__WHAT YOU NEED TO DO__
Repeat the records below exactly as they appear, leaving out any pictures.

Start of SOURCE DATA

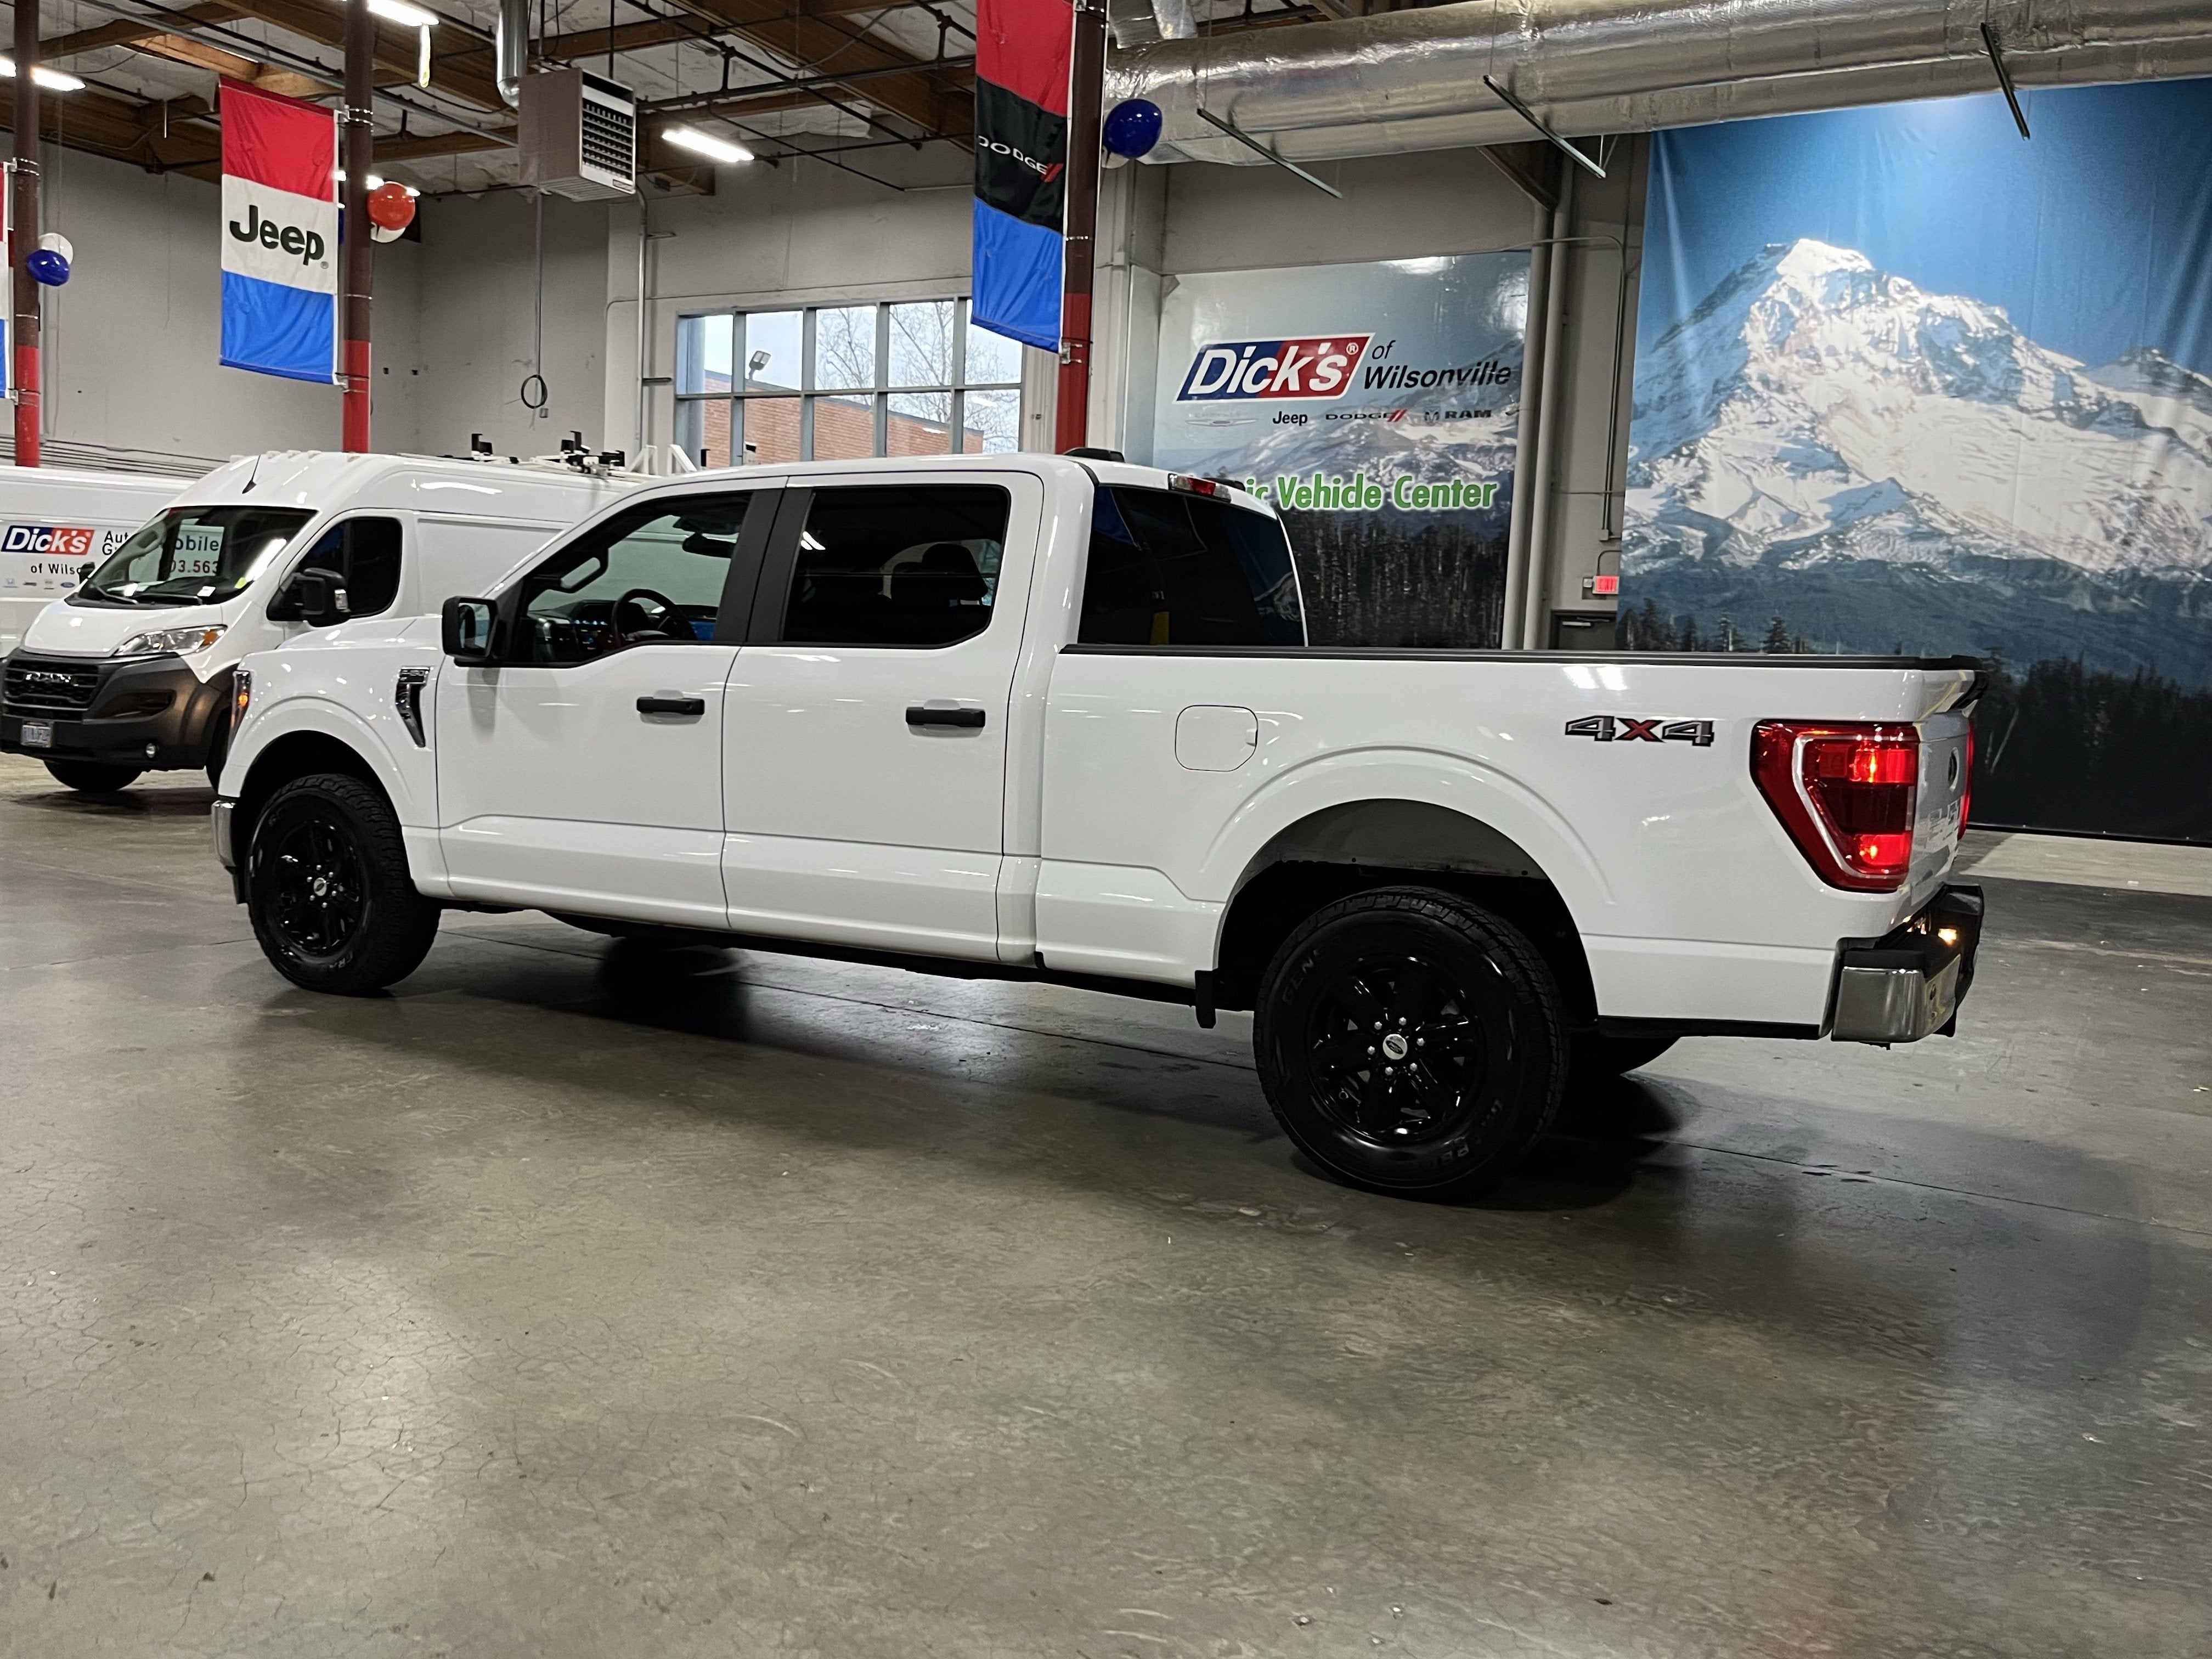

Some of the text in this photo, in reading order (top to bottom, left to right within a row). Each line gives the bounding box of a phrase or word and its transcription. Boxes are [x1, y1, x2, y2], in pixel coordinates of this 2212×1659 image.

[229, 205, 325, 266] Jeep
[1187, 340, 1396, 394] Dick's of
[1364, 361, 1511, 389] Wilsonville
[1272, 411, 1308, 426] Jeep
[1444, 410, 1492, 419] RAM
[1278, 473, 1382, 508] Vehicle
[1394, 476, 1497, 508] Center
[5, 527, 87, 553] Dick's
[31, 563, 42, 573] of
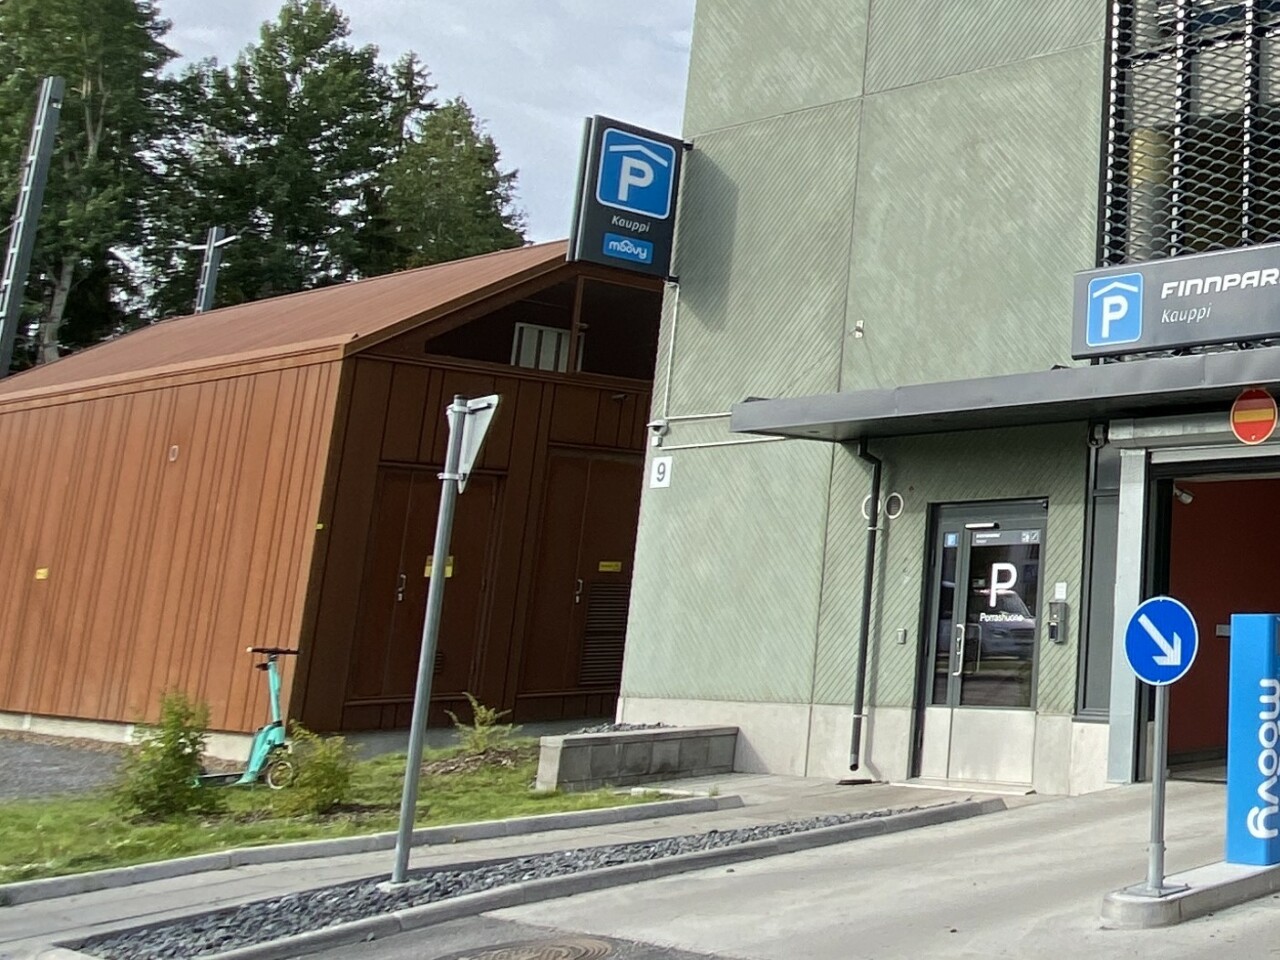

End of SOURCE DATA

__RESPONSE FOR THIS EXERCISE__
Some of the text in this photo, in reading order (top to bottom, left to right within a row). Each line gives the bounding box of a phrase or word and its transcription. Boxes are [x1, y1, x2, y2], in pixel coordinates of this 2212×1659 image.

[229, 205, 325, 266] Jeep
[1187, 340, 1396, 394] Dick's of
[1364, 361, 1511, 389] Wilsonville
[1272, 411, 1308, 426] Jeep
[1444, 410, 1492, 419] RAM
[1278, 473, 1382, 508] Vehicle
[1394, 476, 1497, 508] Center
[5, 527, 87, 553] Dick's
[31, 563, 42, 573] of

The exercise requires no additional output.